(ABOUT THIS EXERCISE):
Reproduce every entry that follows word for word, but omit the images.

Stored items from a collection:
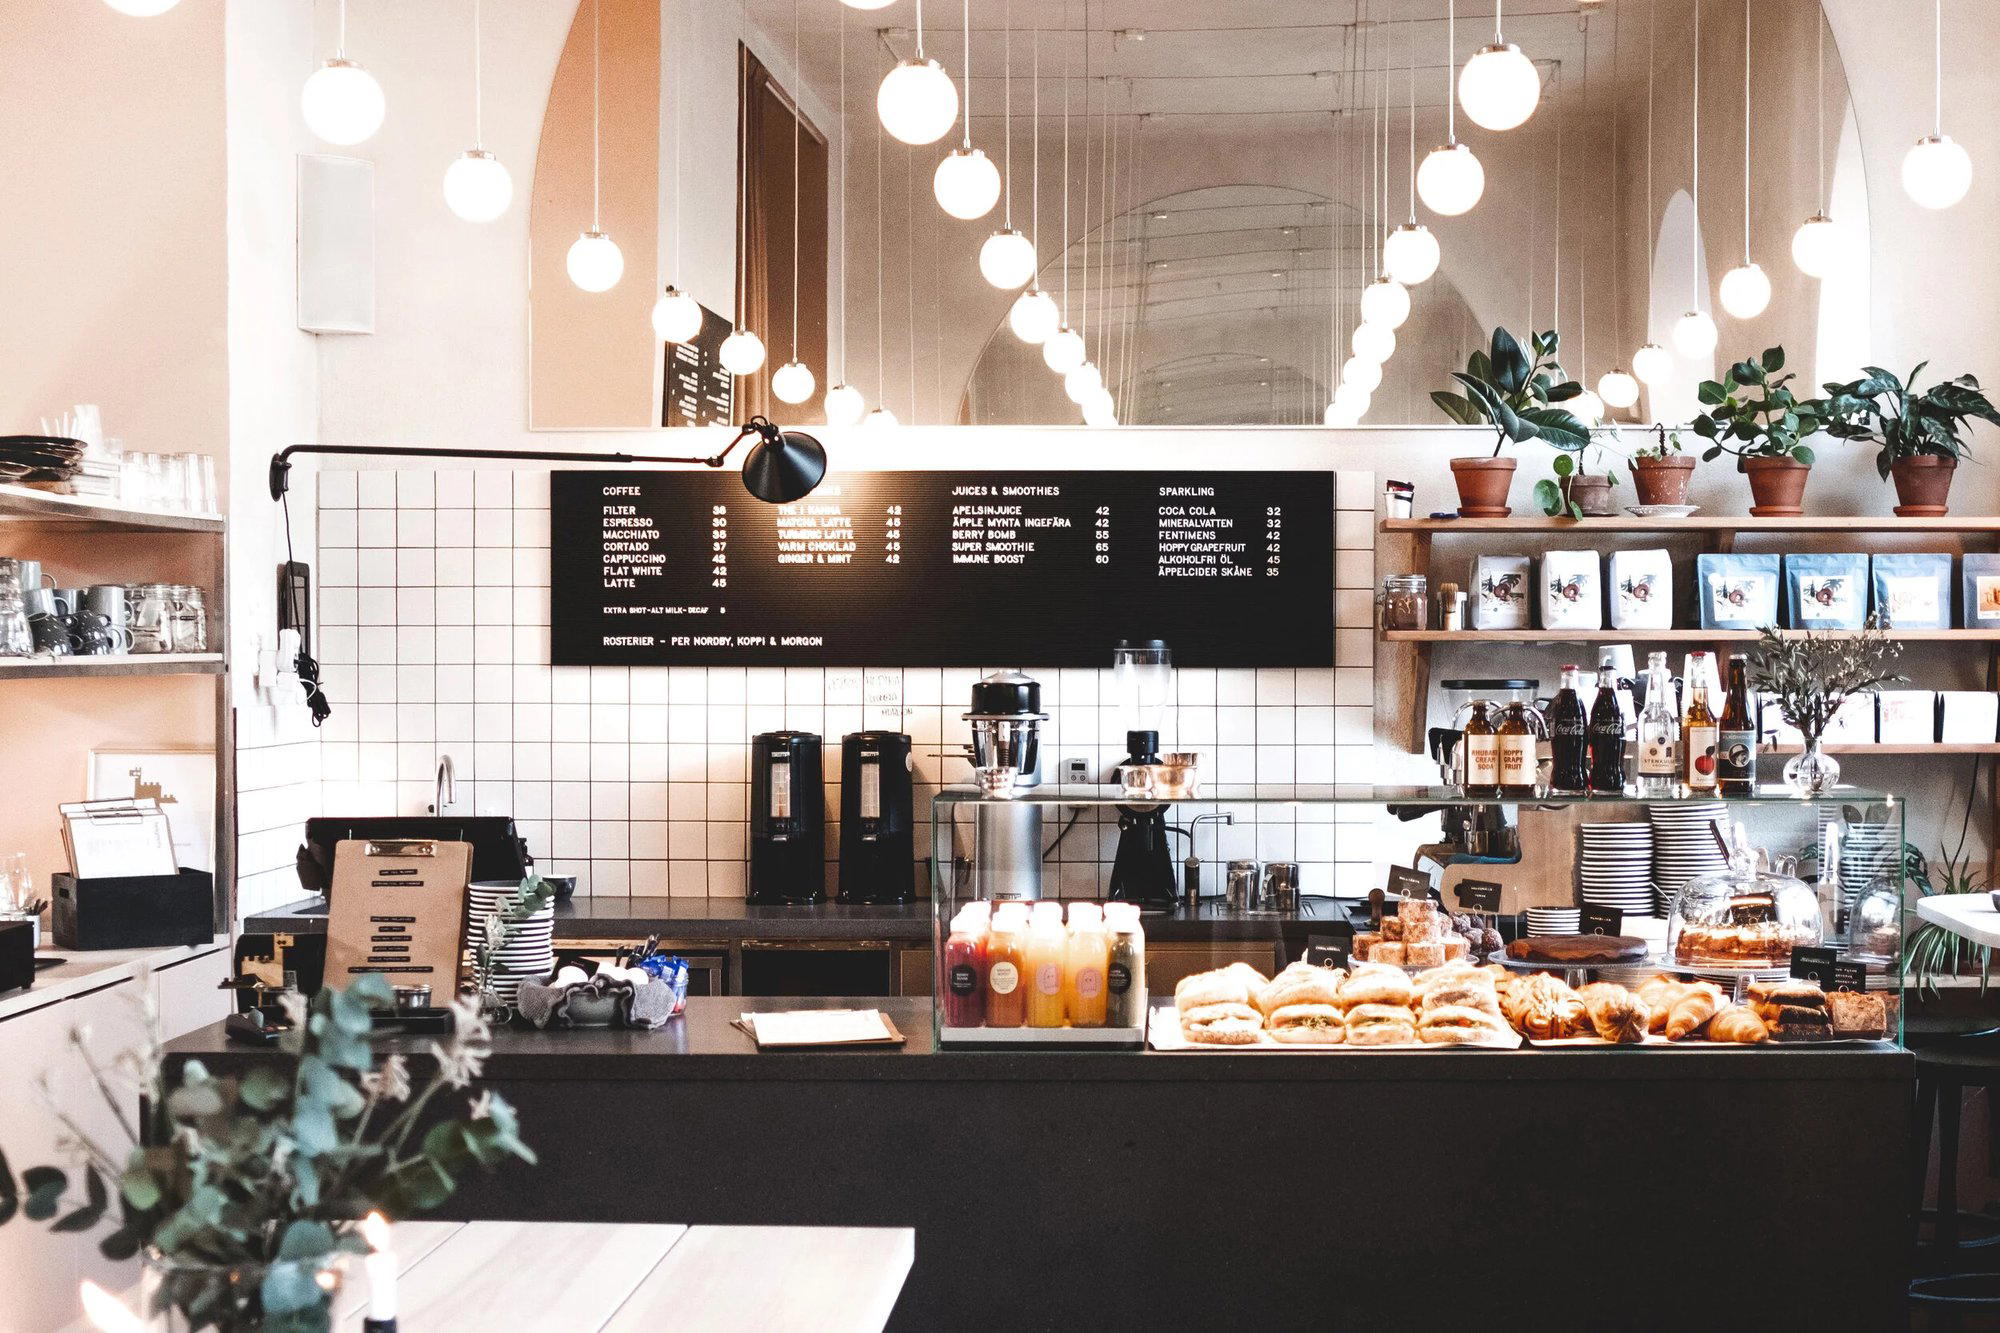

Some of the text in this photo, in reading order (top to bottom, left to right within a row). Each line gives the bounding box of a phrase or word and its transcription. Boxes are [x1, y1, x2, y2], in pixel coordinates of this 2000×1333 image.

[603, 487, 641, 495] COFFEE
[952, 486, 1059, 496] JUICES & SMOOTHIES
[1159, 487, 1214, 496] SPARKLING
[604, 506, 635, 515] FILTER
[887, 506, 901, 515] 42
[953, 506, 1109, 515] APELSINJUICE 42
[1159, 507, 1280, 515] COCA COLA 32
[604, 518, 653, 527] ESPRESSO
[821, 518, 851, 527] LATTE
[988, 518, 1020, 527] MYNTA
[1025, 517, 1071, 527] INGEFÄRA
[1095, 519, 1109, 527] 42
[1159, 519, 1280, 527] MINERALVATTEN 32
[603, 530, 659, 539] MACCHIATO
[825, 530, 853, 539] LATTE
[953, 530, 1109, 539] BERRY BOMB 55
[1159, 531, 1216, 540] FENTIMENS
[604, 542, 726, 551] CORTADO 37
[778, 542, 805, 551] VARM
[808, 542, 856, 551] CHOKLAD
[952, 542, 1108, 551] SUPER SMOOTHIE 65
[1159, 543, 1280, 552] HOPPY GRAPEFRUIT 42
[603, 554, 726, 563] CAPPUCCINO 42
[778, 554, 899, 563] GINGER & MINT 42
[953, 554, 1109, 563] IMMUNE BOOST 60
[1159, 554, 1280, 564] ALKOHOLFRI ÖL 45
[604, 566, 727, 575] FLAT WHITE 42
[1159, 566, 1278, 576] ÄPPELCIDER SKÅNE 35
[604, 579, 726, 587] LATTE 45
[604, 637, 653, 645] ROSTERIER
[672, 637, 690, 645] PER
[694, 637, 733, 647] NORDBY,
[737, 637, 765, 646] KOPPI
[770, 637, 776, 645] &
[782, 637, 822, 646] MORGON
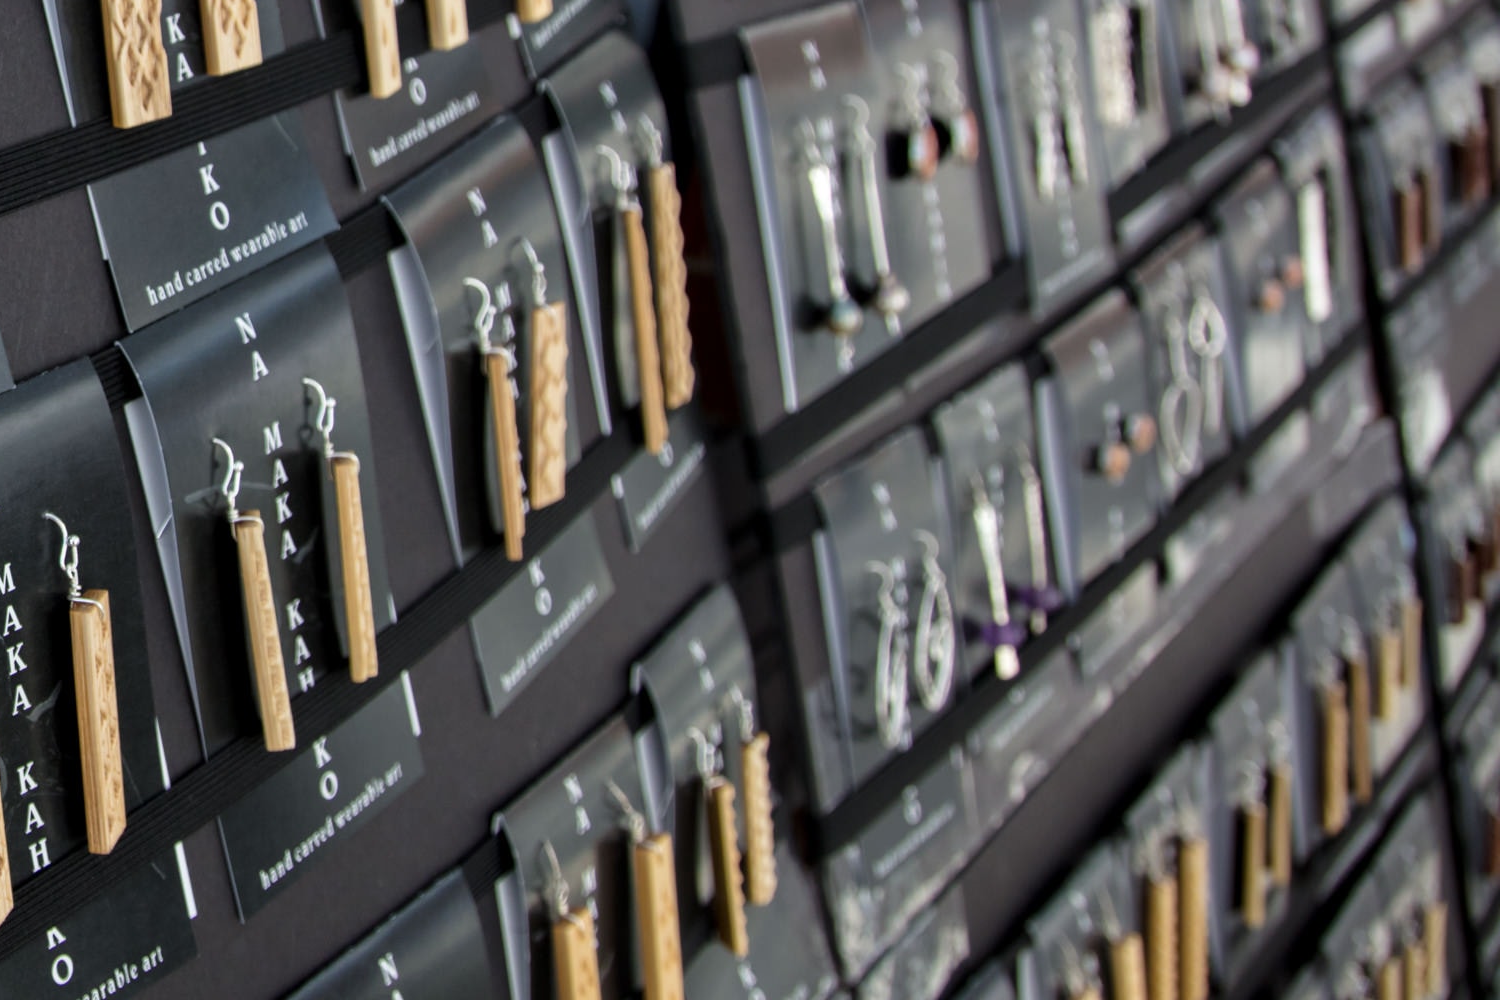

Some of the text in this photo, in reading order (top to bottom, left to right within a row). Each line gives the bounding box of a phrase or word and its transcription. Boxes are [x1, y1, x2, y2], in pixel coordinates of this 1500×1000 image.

[145, 210, 309, 307] hand carved wearable art
[234, 312, 269, 382] NA
[263, 421, 298, 560] MAKA
[258, 848, 294, 890] hand
[141, 945, 164, 972] art

(TASK RESULT):
Some of the text in this photo, in reading order (top to bottom, left to right within a row). Each line gives the bounding box of a phrase or word and its transcription. Boxes are [x1, y1, x2, y2], in pixel coordinates of this 2000×1333 image.

[603, 487, 641, 495] COFFEE
[952, 486, 1059, 496] JUICES & SMOOTHIES
[1159, 487, 1214, 496] SPARKLING
[604, 506, 635, 515] FILTER
[887, 506, 901, 515] 42
[953, 506, 1109, 515] APELSINJUICE 42
[1159, 507, 1280, 515] COCA COLA 32
[604, 518, 653, 527] ESPRESSO
[821, 518, 851, 527] LATTE
[988, 518, 1020, 527] MYNTA
[1025, 517, 1071, 527] INGEFÄRA
[1095, 519, 1109, 527] 42
[1159, 519, 1280, 527] MINERALVATTEN 32
[603, 530, 659, 539] MACCHIATO
[825, 530, 853, 539] LATTE
[953, 530, 1109, 539] BERRY BOMB 55
[1159, 531, 1216, 540] FENTIMENS
[604, 542, 726, 551] CORTADO 37
[778, 542, 805, 551] VARM
[808, 542, 856, 551] CHOKLAD
[952, 542, 1108, 551] SUPER SMOOTHIE 65
[1159, 543, 1280, 552] HOPPY GRAPEFRUIT 42
[603, 554, 726, 563] CAPPUCCINO 42
[778, 554, 899, 563] GINGER & MINT 42
[953, 554, 1109, 563] IMMUNE BOOST 60
[1159, 554, 1280, 564] ALKOHOLFRI ÖL 45
[604, 566, 727, 575] FLAT WHITE 42
[1159, 566, 1278, 576] ÄPPELCIDER SKÅNE 35
[604, 579, 726, 587] LATTE 45
[604, 637, 653, 645] ROSTERIER
[672, 637, 690, 645] PER
[694, 637, 733, 647] NORDBY,
[737, 637, 765, 646] KOPPI
[770, 637, 776, 645] &
[782, 637, 822, 646] MORGON

Some of the text in this photo, in reading order (top to bottom, left to right within a row). Each line gives the bounding box of a phrase or word and its transcription. Boxes are [x1, y1, x2, y2], in pixel coordinates of this 1500×1000 image.

[145, 210, 309, 307] hand carved wearable art
[234, 312, 269, 382] NA
[263, 421, 298, 560] MAKA
[258, 848, 294, 890] hand
[141, 945, 164, 972] art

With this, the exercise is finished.